Both are surprisingly fragrant.
If I’m not mistaken gorilla number one is wearing L’Eeau D’Issey Pour Homme by
Issey Miyake. A favourite of mine. Gorilla number two is more a Lynx man. Even
their breath has a fresh tinge. Nice to know I’m being murdered by hygienic
people.
None of this helps with the key
question that has bounced round my head since leaving the toilet in such a
rush. Why? Who the hell would want to murder a fifty four year old accountant
with a life that would bore a saint?
Why go to the bother of killing a
man who, if asked politely, would clearly apologise for whatever it was he had
done and point out that it couldn’t have been him in the first place as he had
never really knowingly done anything to warrant execution.
Alternatively this could be a new
form of impulse killing akin to ‘drive-by shooting,’ only this is called
‘walk-by throwing.’ It could be a new craze that I have missed.

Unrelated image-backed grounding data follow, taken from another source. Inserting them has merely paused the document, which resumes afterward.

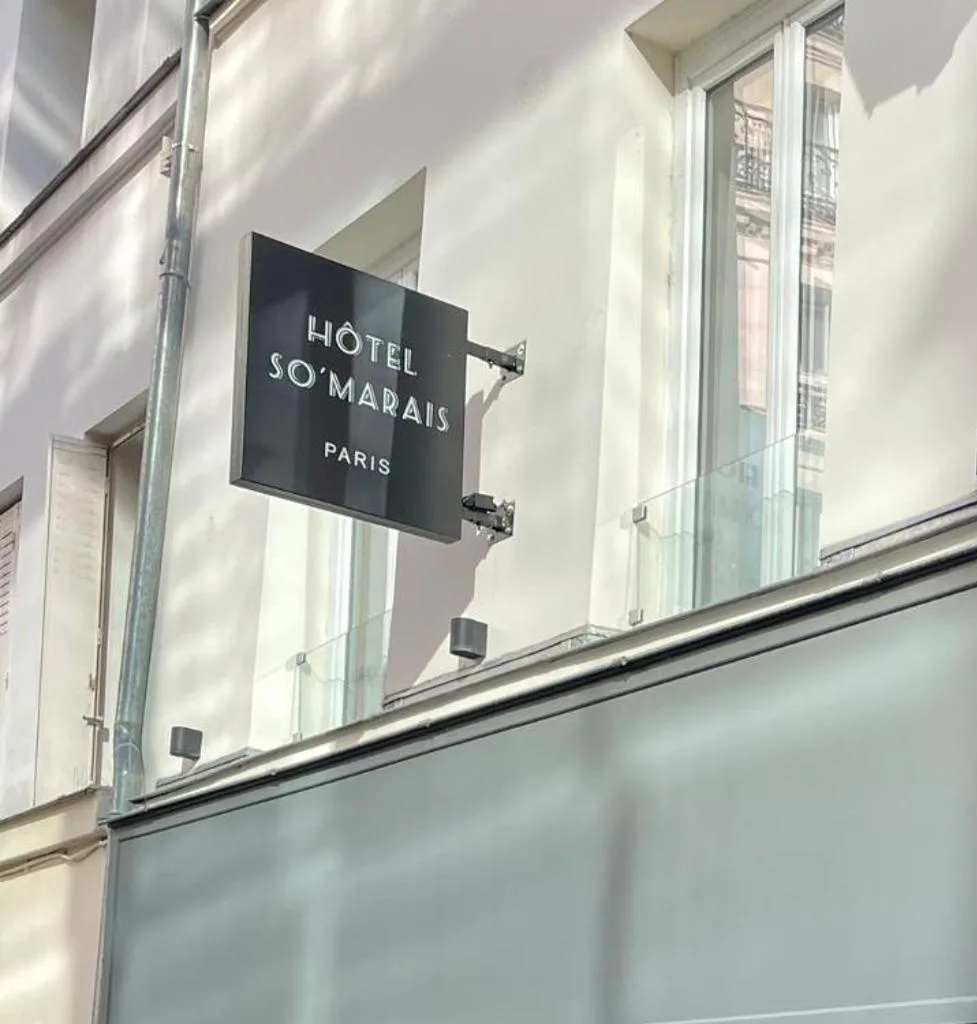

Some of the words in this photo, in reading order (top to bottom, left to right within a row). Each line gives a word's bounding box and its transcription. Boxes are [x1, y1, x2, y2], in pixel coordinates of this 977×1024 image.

[307, 314, 418, 377] HÔTEL
[267, 352, 450, 433] SO'MARAIS
[323, 441, 392, 476] PARIS
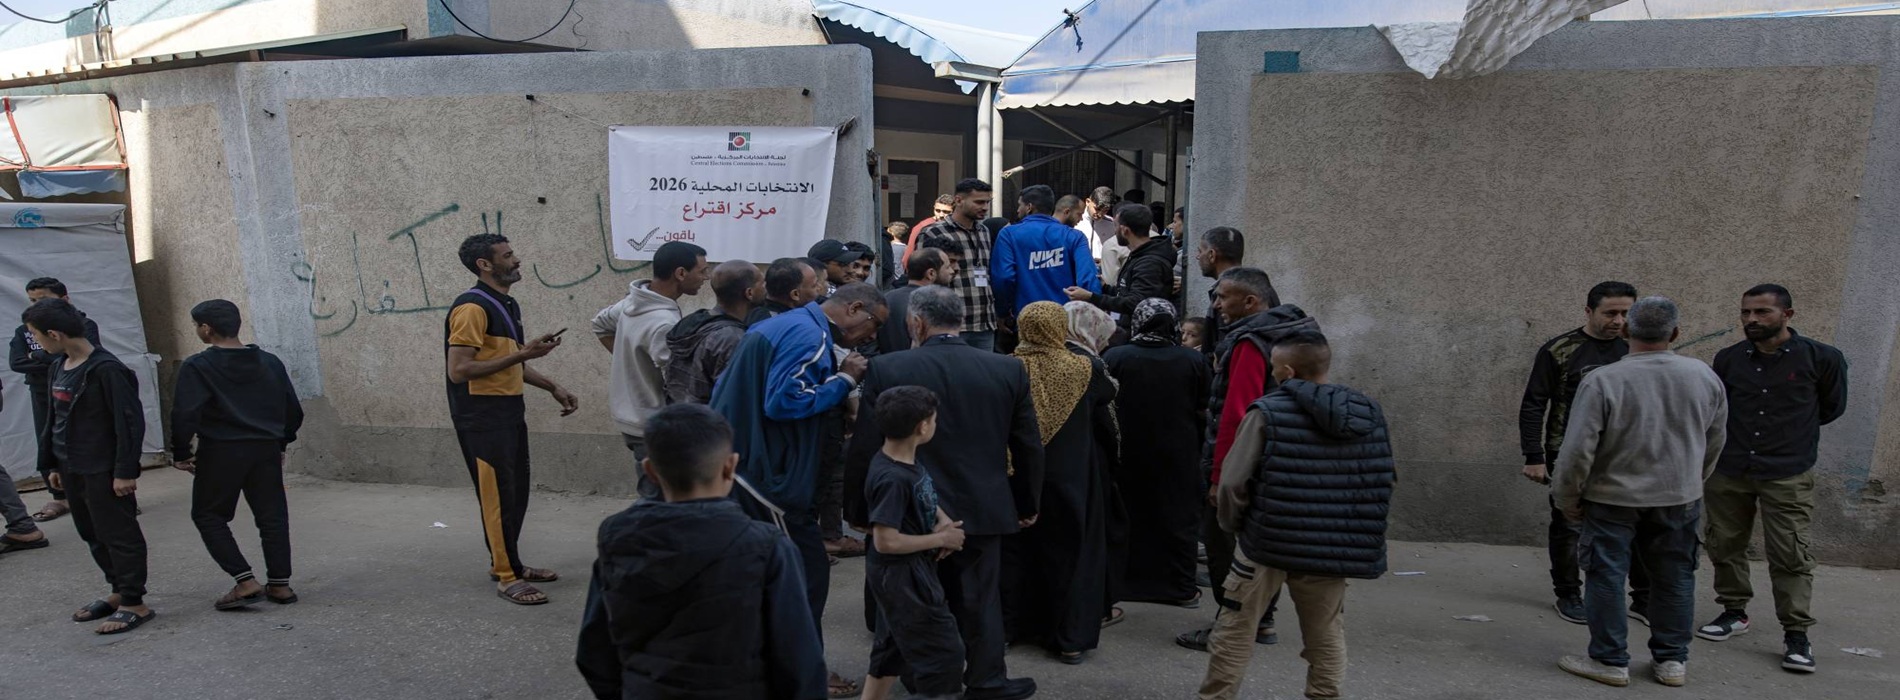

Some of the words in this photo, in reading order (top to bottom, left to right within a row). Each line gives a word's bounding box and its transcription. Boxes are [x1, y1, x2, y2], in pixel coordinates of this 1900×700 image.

[649, 177, 687, 191] 2026
[691, 180, 742, 195] المحلية
[746, 181, 815, 196] الانتخابات
[682, 201, 731, 222] اقتراع
[734, 201, 777, 219] مركز
[1028, 246, 1065, 270] NIKE

Unless it was
widely reported on Radio 2 there is a good chance I don’t know about it.
Individuals being thrown from high points all across the UK. Happy chucking not
happy slapping.
Gorilla number two is now holding
a phone in my direction. Filming it for ‘You Tube’ no doubt. Well maybe in
death I’ll achieve a level of fame that was denied me in life.
‘Hope it was
worth it you thievin’ prick.’
That was gorilla number two
demonstrating his range of vocabulary. The comment was aimed at me. Me who once
lifted a Mars Bar from the corner shop when I was in S3. Me a boy that crapped
himself for a month after the incident - expecting the police to descend at any
moment. It was two years before I had the guts to go in to the shop again and
even then I felt that the shopkeeper was staring at a neon sign above my head
saying ‘Him - it’s him. The Mars Bar Boy’.
‘Thievin’ prick?’
Give me a break - even my tax
return has to be the most honest in history and I should know - after all my
speciality is tax. I’m never off the bloody hotline when it comes to my own
dealings. So much so that last year I received an irate call from the call
centre supervisor asking me to come in for a chat as I was causing some
distress to the staff with the frequency of my calls.
‘Thievin’ prick’
? When,
how? Who from? I couldn’t. I wouldn’t.
Did I?
I’ll be dead soon but it would
have been nice to know what the gorilla is referring to. Who I stole from? What
I stole? Why I stole? If I stole?
The wind is getting up, trying to
push me back towards the men in grey. Not hard enough to make any difference to
my fate but it’s cool on my face, drying the sweat. Pleasant almost. It’s
ruffling gorilla number two’s hair and if I’m not mistaken there is more than a
hint of a toupee about the way his hair is moving around. He half turns away
from me to let the wind sweep over him from the back, protecting his wig from
the next big gust. I feel like shouting out
‘Hey wiggy!’
- but I don’t -
my screaming is getting in the way.
He keeps filming. At least I
assume he is filming - either that or he is focussing on a particularly
important text. I hope not. I hope he hasn’t placed my demise below his
girlfriend’s request to pop into Tesco for some milk on the way home.
I’m falling.
Chapter 3
A gorilla gets
suspicious.
The accountant is on his way -
job done. A few seconds to check he hits the concrete below and then home.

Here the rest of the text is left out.